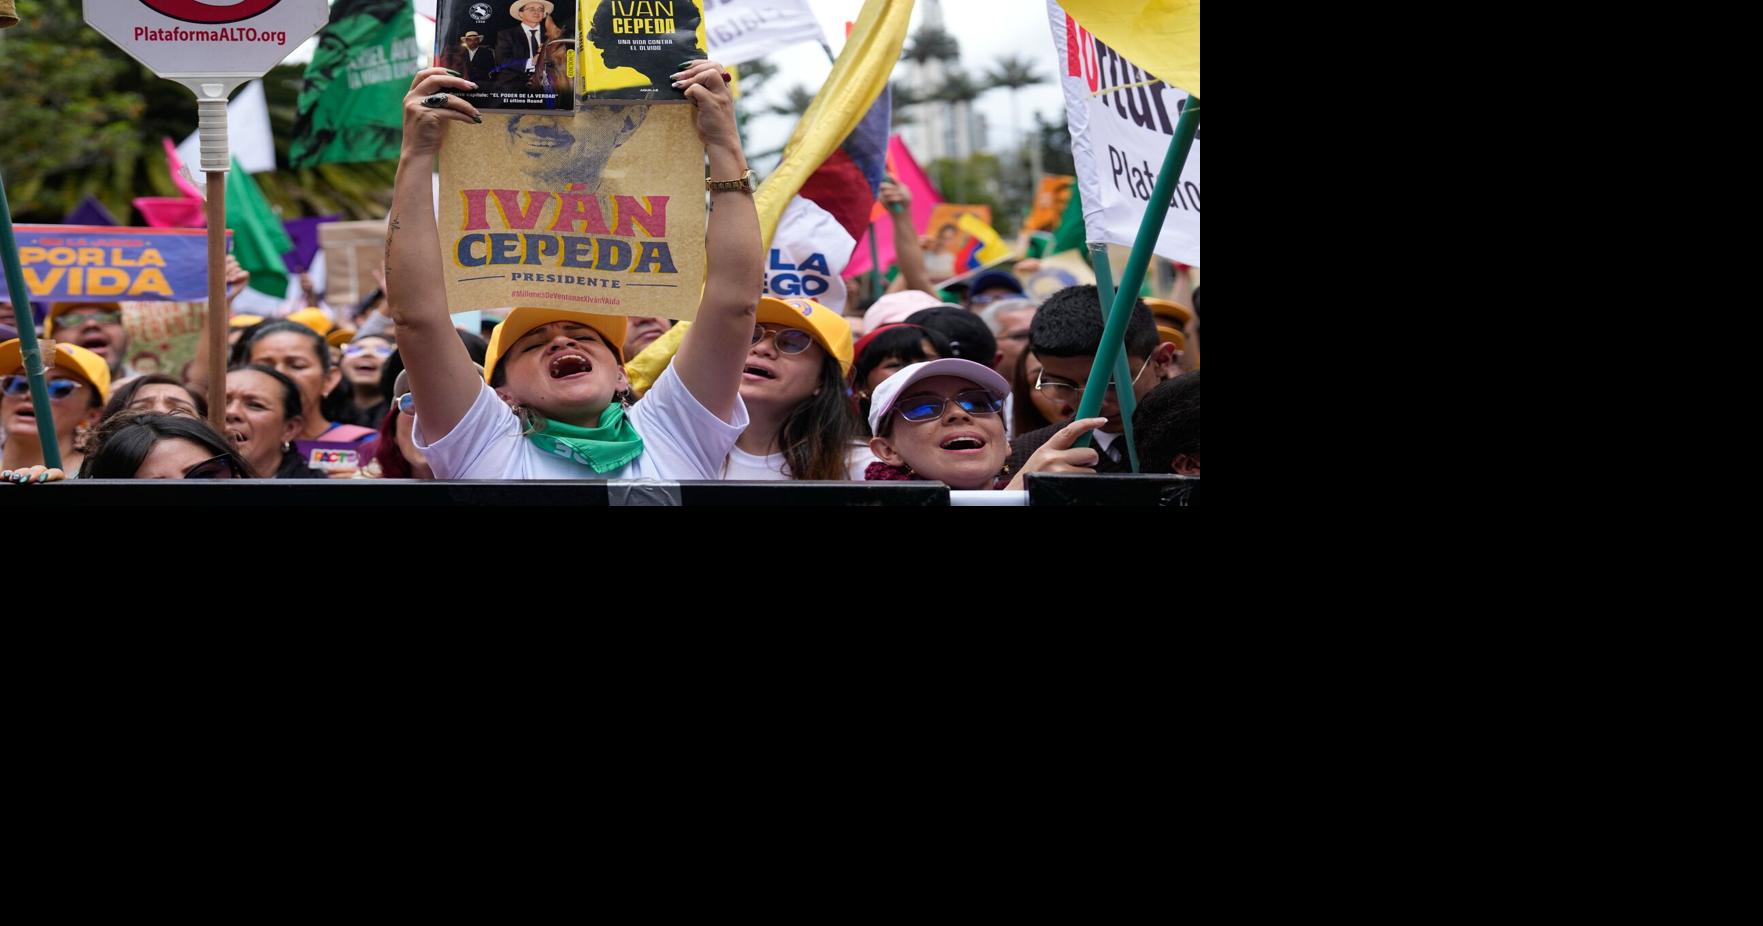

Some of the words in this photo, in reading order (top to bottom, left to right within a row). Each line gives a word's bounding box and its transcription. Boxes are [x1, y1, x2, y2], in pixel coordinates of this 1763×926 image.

[134, 26, 286, 46] PlataformaALTO.org
[613, 18, 676, 34] CEPEDA
[459, 183, 670, 238] IVÁN
[18, 246, 105, 267] POR
[111, 248, 167, 267] LA
[453, 233, 679, 274] CEPEDA
[21, 267, 175, 296] VIDA
[511, 272, 621, 289] PRESIDENTE
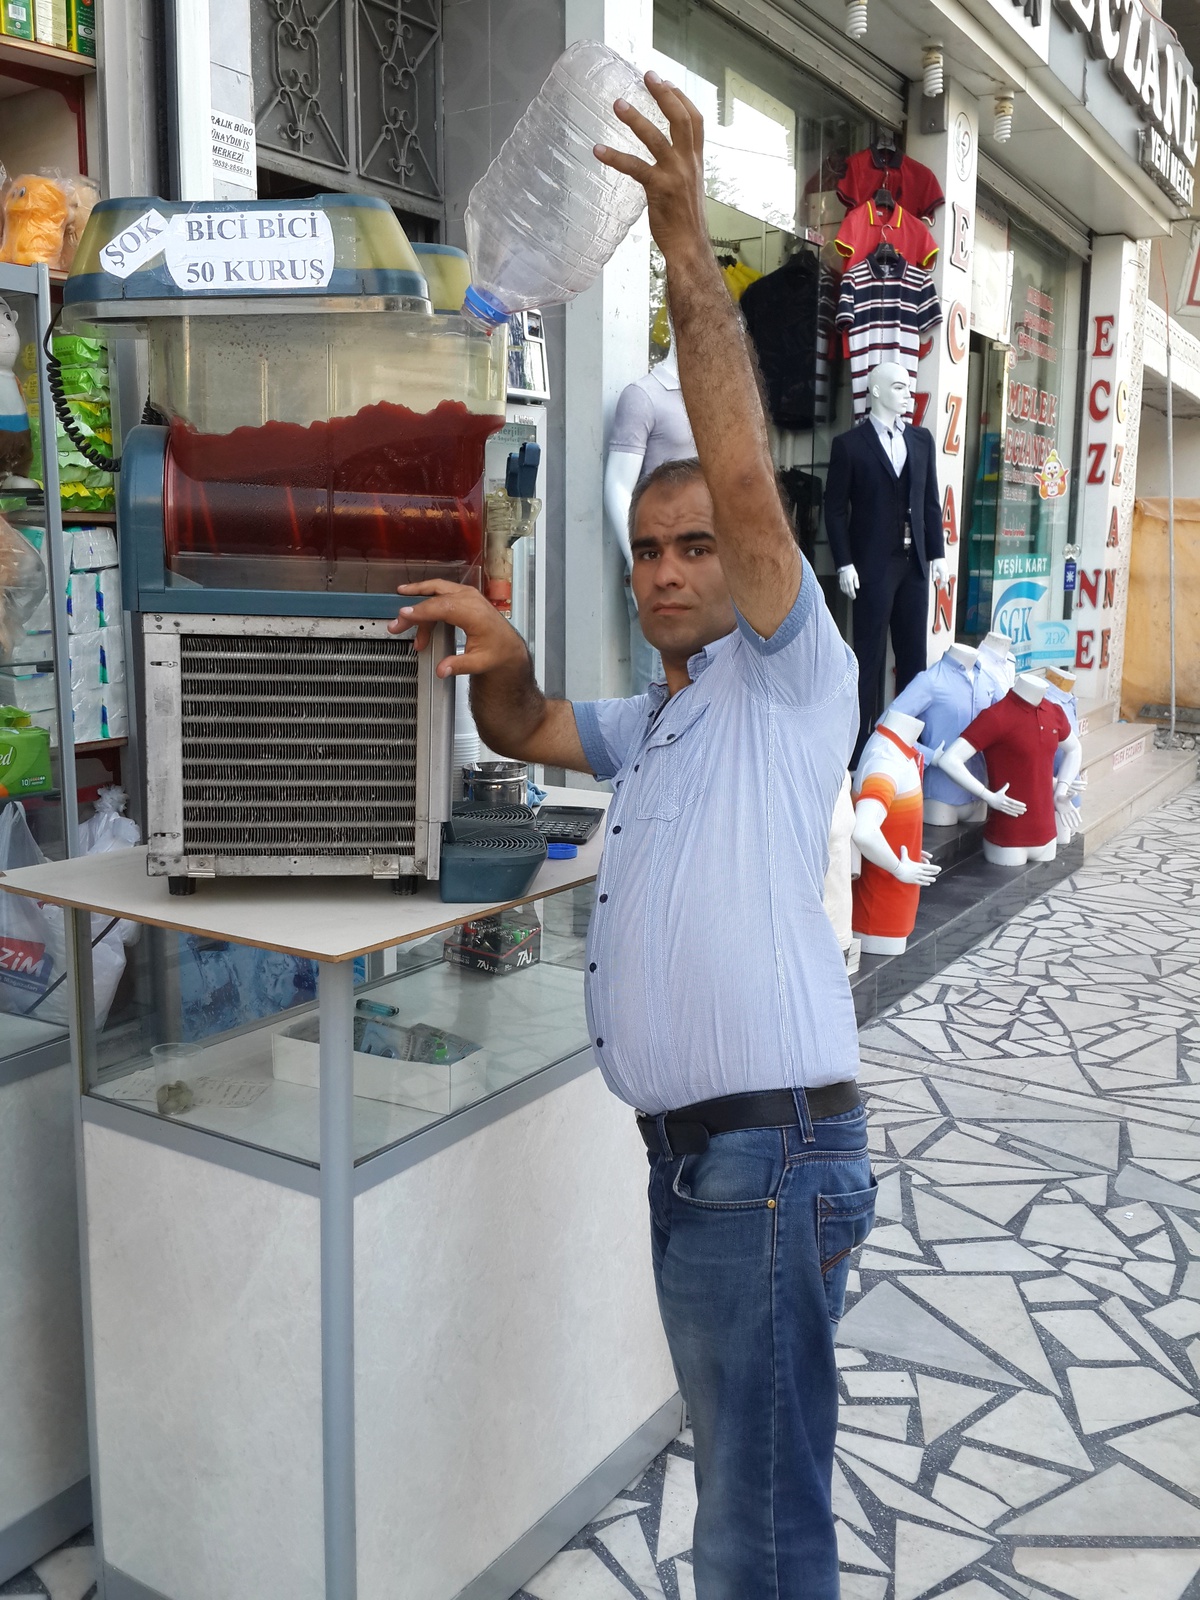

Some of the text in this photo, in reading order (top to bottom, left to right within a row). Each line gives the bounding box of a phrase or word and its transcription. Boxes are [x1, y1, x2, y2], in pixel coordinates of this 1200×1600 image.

[234, 123, 254, 137] BÜRO
[212, 144, 245, 162] MERKEZİ
[105, 214, 164, 268] ŞOK
[186, 211, 320, 242] BİCİ BİCİ
[187, 258, 325, 286] 50 KURUŞ
[1006, 379, 1059, 428] MELEK
[997, 555, 1048, 578] YEŞİL KART
[1000, 606, 1032, 645] SGK
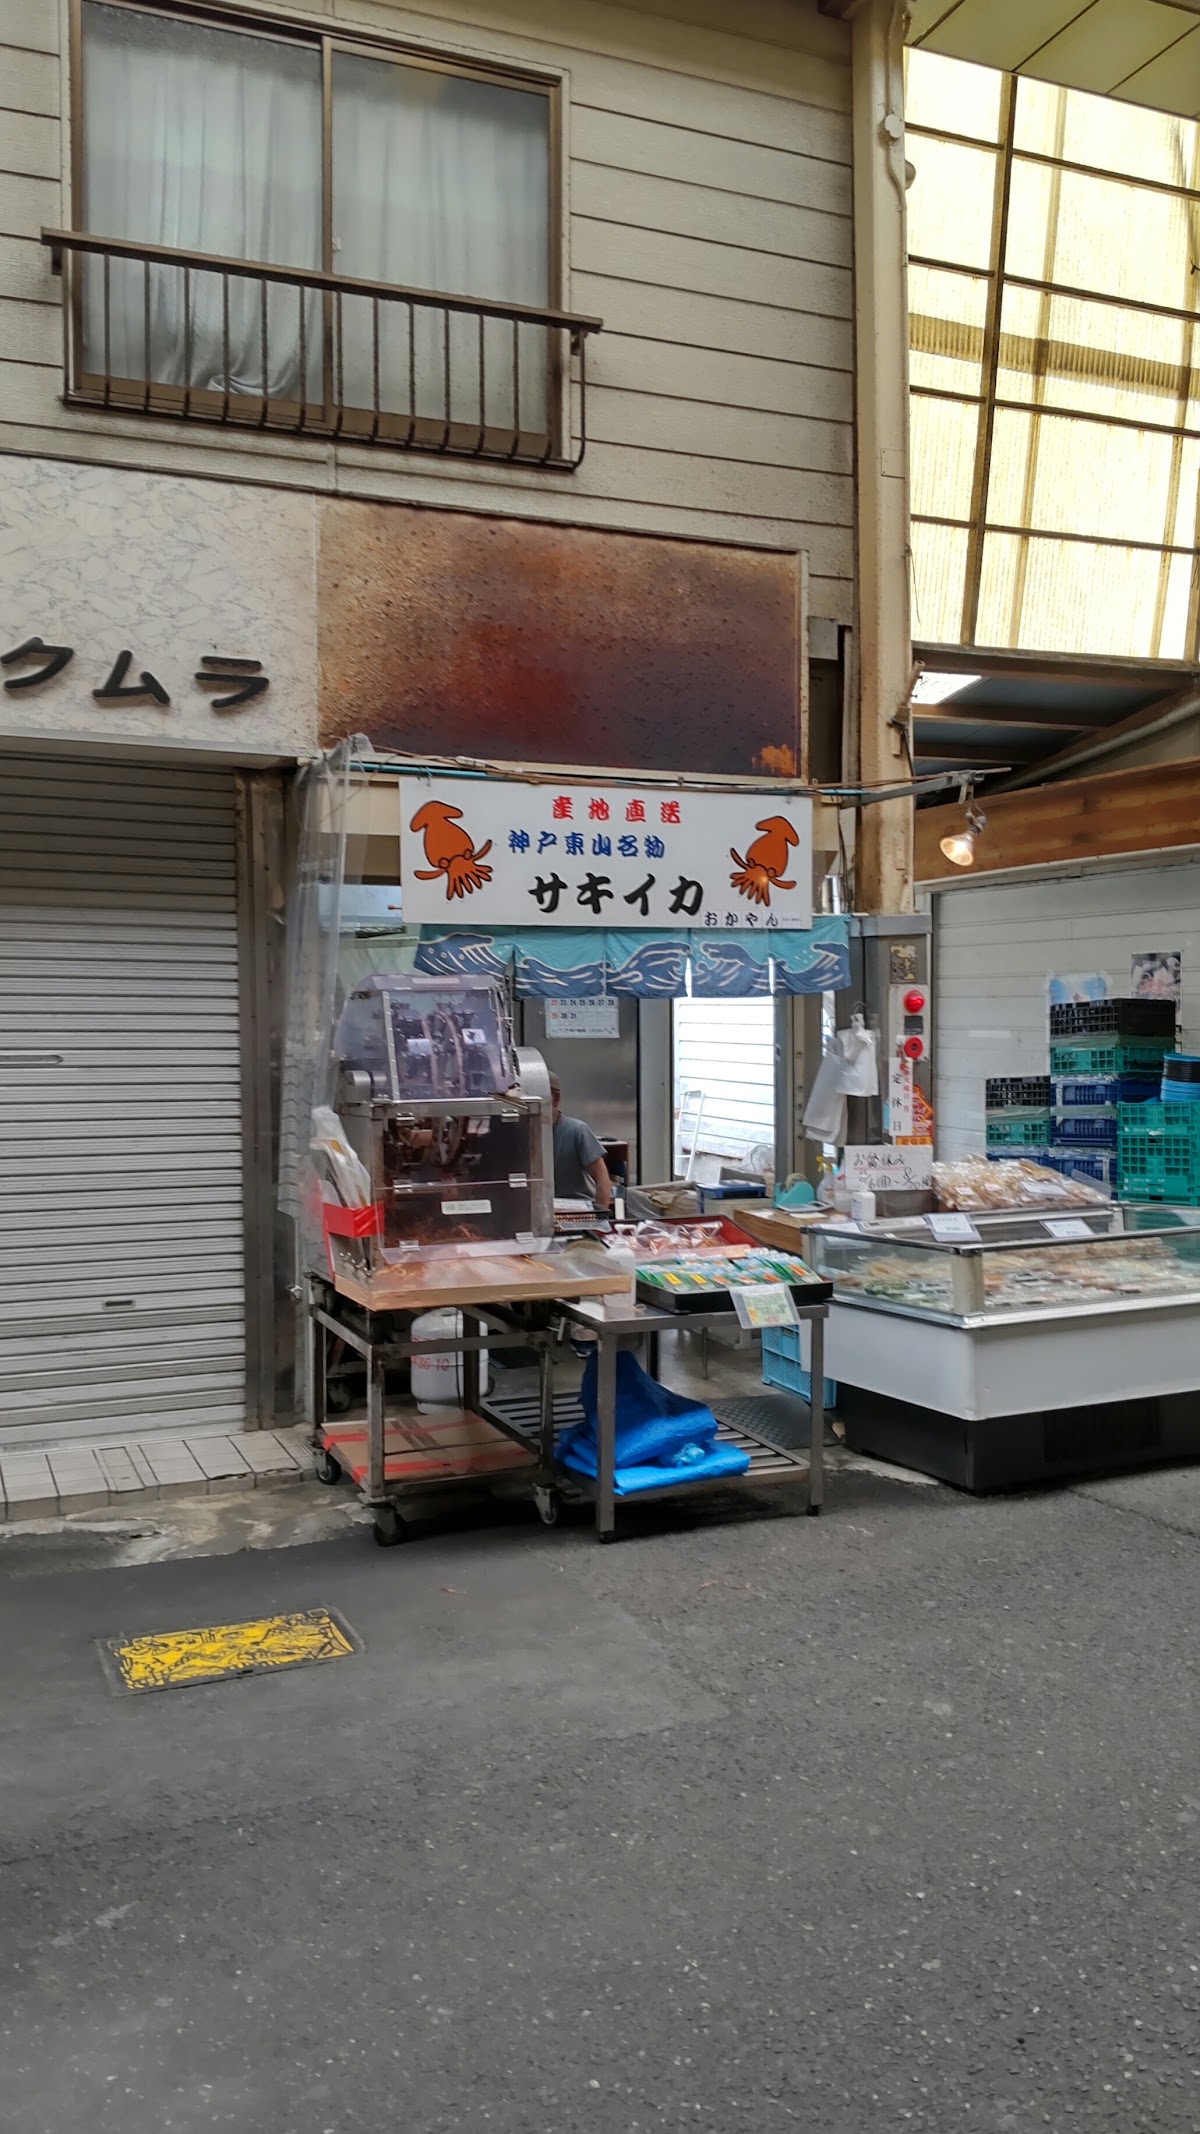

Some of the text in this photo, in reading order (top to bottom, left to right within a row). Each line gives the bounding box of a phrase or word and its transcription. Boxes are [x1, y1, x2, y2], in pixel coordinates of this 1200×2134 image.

[0, 636, 270, 709] クムラ
[552, 795, 682, 824] 産地直送
[508, 829, 666, 859] 神戸東山名物
[528, 872, 704, 917] サキイカ
[704, 910, 779, 927] おかやん
[891, 1073, 902, 1132] 定休日
[853, 1152, 905, 1168] お盆休み

WHAT IS BEING ASKED => Output, exactly, all the records above; include no pictures.

WRITTEN SOLUTION =>
Some of the words in this photo, in reading order (top to bottom, left to right within a row). Each line gives a word's bounding box and its transcription. Boxes are [x1, y1, x2, y2], in pixel coordinates of this 1763×926 image.

[134, 26, 286, 46] PlataformaALTO.org
[613, 18, 676, 34] CEPEDA
[459, 183, 670, 238] IVÁN
[18, 246, 105, 267] POR
[111, 248, 167, 267] LA
[453, 233, 679, 274] CEPEDA
[21, 267, 175, 296] VIDA
[511, 272, 621, 289] PRESIDENTE

Some of the text in this photo, in reading order (top to bottom, left to right within a row). Each line gives the bounding box of a phrase or word and its transcription. Boxes are [x1, y1, x2, y2], in pixel coordinates of this 1200×1600 image.

[234, 123, 254, 137] BÜRO
[212, 144, 245, 162] MERKEZİ
[105, 214, 164, 268] ŞOK
[186, 211, 320, 242] BİCİ BİCİ
[187, 258, 325, 286] 50 KURUŞ
[1006, 379, 1059, 428] MELEK
[997, 555, 1048, 578] YEŞİL KART
[1000, 606, 1032, 645] SGK

Some of the text in this photo, in reading order (top to bottom, left to right within a row). Each line gives the bounding box of a phrase or word and its transcription. Boxes are [x1, y1, x2, y2], in pixel coordinates of this 1200×2134 image.

[0, 636, 270, 709] クムラ
[552, 795, 682, 824] 産地直送
[508, 829, 666, 859] 神戸東山名物
[528, 872, 704, 917] サキイカ
[704, 910, 779, 927] おかやん
[891, 1073, 902, 1132] 定休日
[853, 1152, 905, 1168] お盆休み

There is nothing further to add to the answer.